Some background and an update:

I may have mentioned this before, but I think it's interesting. The FAA requires that children over 2 years old sit in their own seat on an airplane, but leaves it optional for younger children, who are otherwise allowed to sit on an adult's lap. Interestingly, the FAA flatly states that having these smaller children in their own seat (preferably in a carrier) is safer than being on a lap, but they've opted not to require it. Why? Because if they require that infants have their own seat, then many families may opt to travel by car rather than pay the added expense of another airline ticket. And traveling on the streets and highways is statistically more dangerous than traveling on an airplane, even sitting on someone's lap.

Here's the update: Until recently, many airlines have offered a reduced fare (usually half-price) for families buying a seat for their infant of less than 2 years of age. Apparently this is changing. Airlines are dropping this discount, and according to the story, the motivation is market forces, plain and simple. For a time, many airplane seats were empty, but lately capacity has been reduced and demand has increased, so flights are more often full or close to it. When chances were that the seat would otherwise be empty, airlines were happy to get 50% fare for it, but now that the seat would likely otherwise be occupied by a full-fare passenger, half-fare isn't such a good deal for the airline.
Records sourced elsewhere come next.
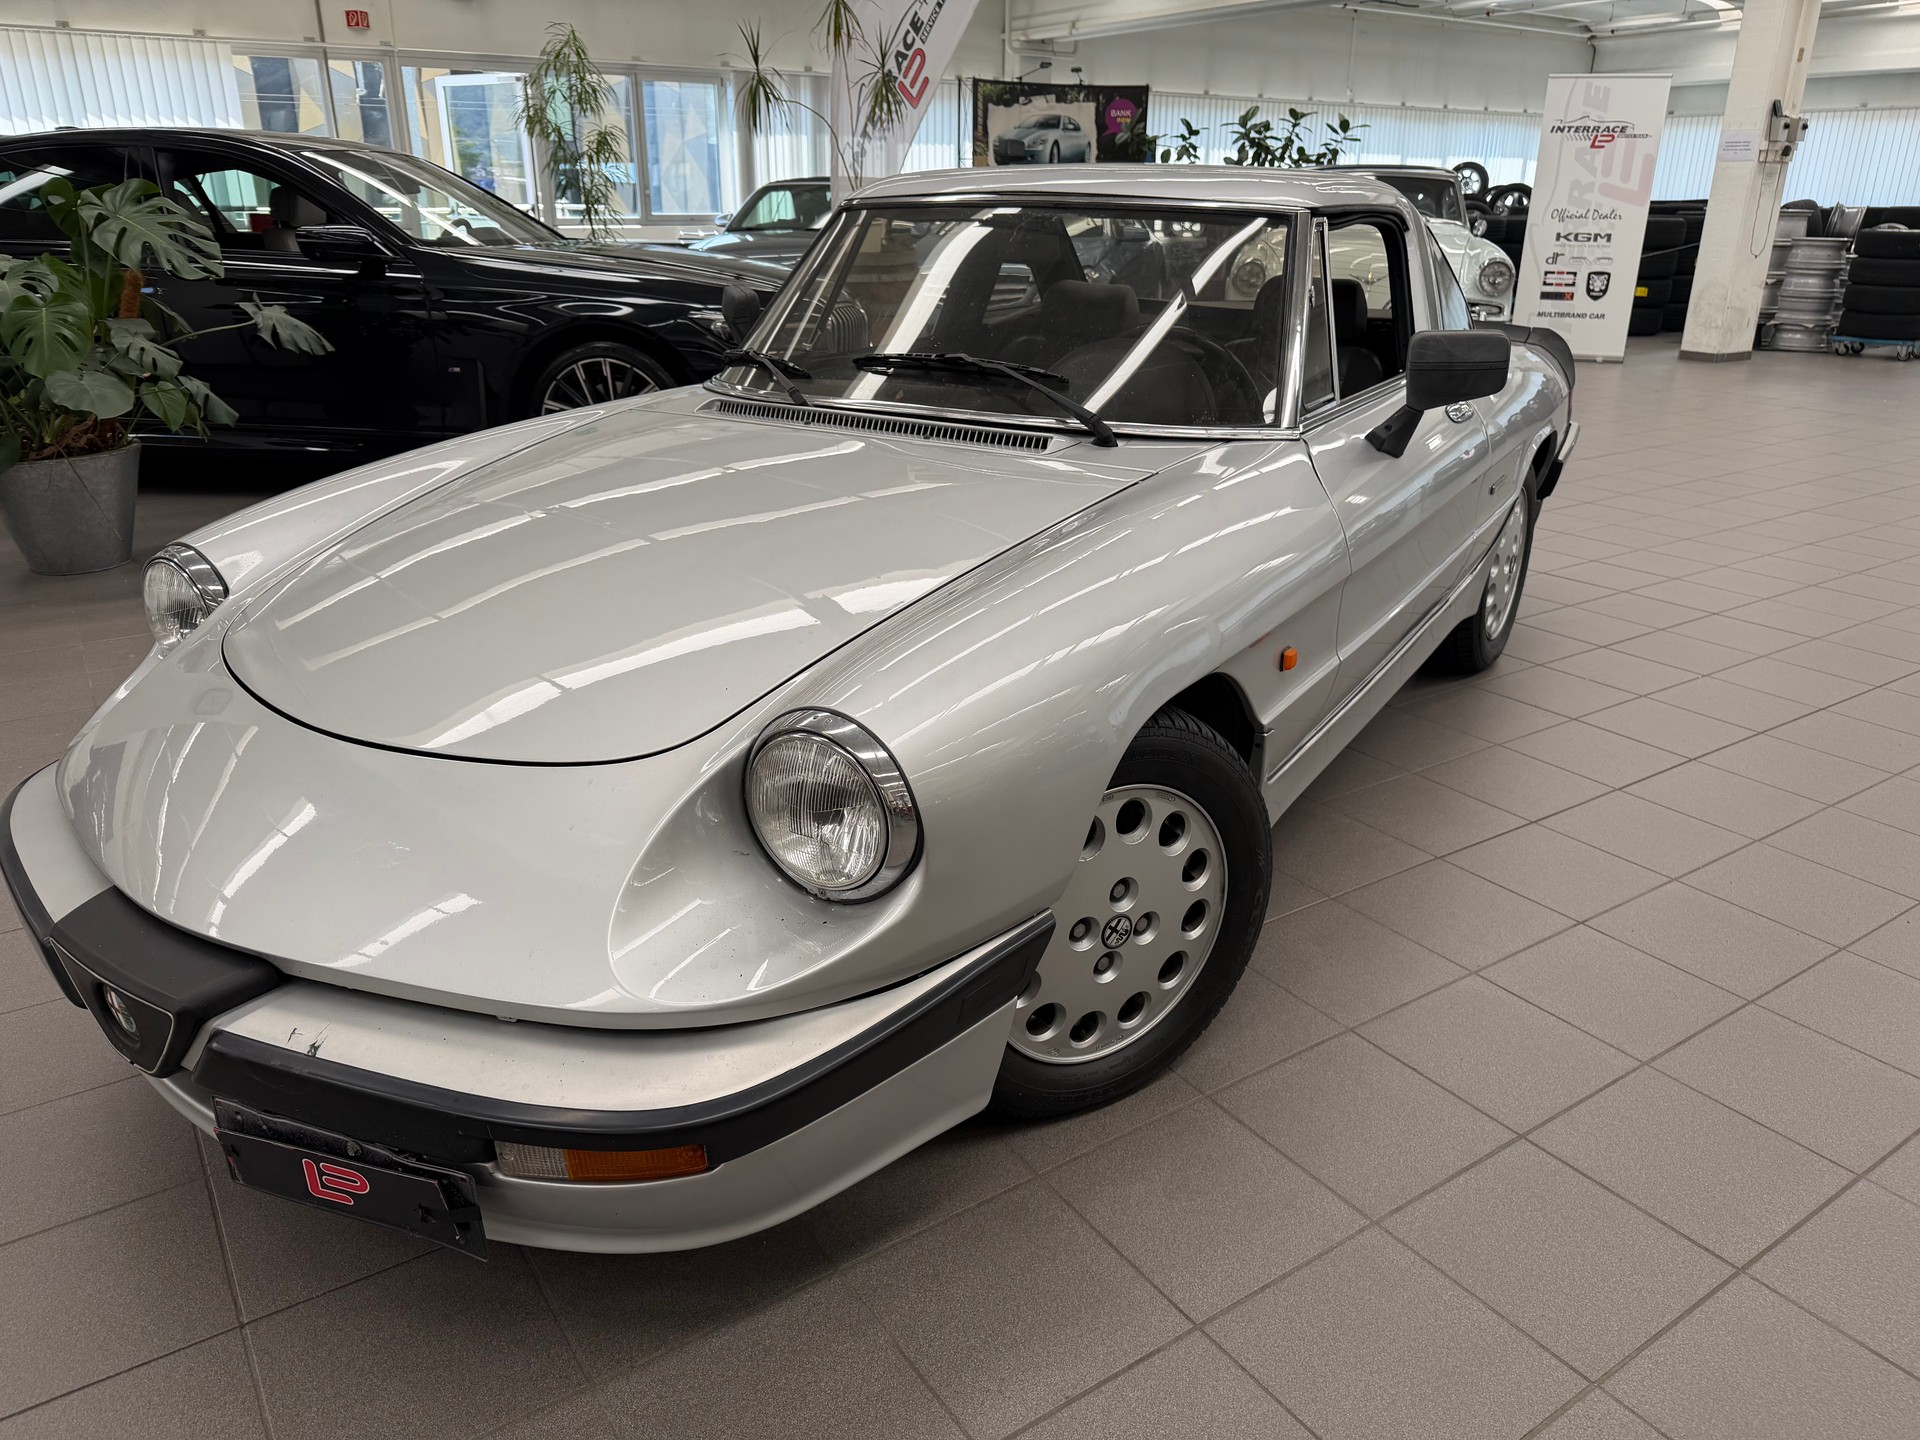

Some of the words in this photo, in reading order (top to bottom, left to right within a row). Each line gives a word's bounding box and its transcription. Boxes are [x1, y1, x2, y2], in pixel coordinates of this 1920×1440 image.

[1110, 108, 1132, 117] BANK
[1550, 125, 1629, 134] INTERRACE
[1550, 207, 1590, 223] Official
[1591, 208, 1623, 221] Dealer
[1555, 232, 1612, 243] KGM
[1536, 311, 1588, 319] MULTIBRAND
[1588, 312, 1606, 320] CAR
Here's a brief commentary on the story which includes a brief survey of airline policies via their websites.

One more wrinkle: online versus in person booking. Many airlines offer their cheapest fare online, even offering a discount over the same flight booked on the phone with a person. Those that do still offer an infant fare reduction typically don't let you book that online; you have to call in.

This weekend I booked tickets with Frontier for the three of us (Dana, Jessica, and myself) to visit Colorado in late March. I searched for the flights we wanted online, then called in to make the reservation so I could get the infant reduction (a big deal for me; I pretty much always prefer an online transaction to placing an order over the telephone).

I got two tickets at full price and one at (roughly) half-price. Great. Except that I was getting the 'in-person' booking fare, not the online booking fare. I didn't do the math until I'd hung up the phone, but it turns out it would have been cheaper to buy 3 full-fare tickets online than it was to buy 2 full-fare and 1 half-fare ticket on the phone. Live and learn. (The third commenter here found a similar scenario with Southwest.)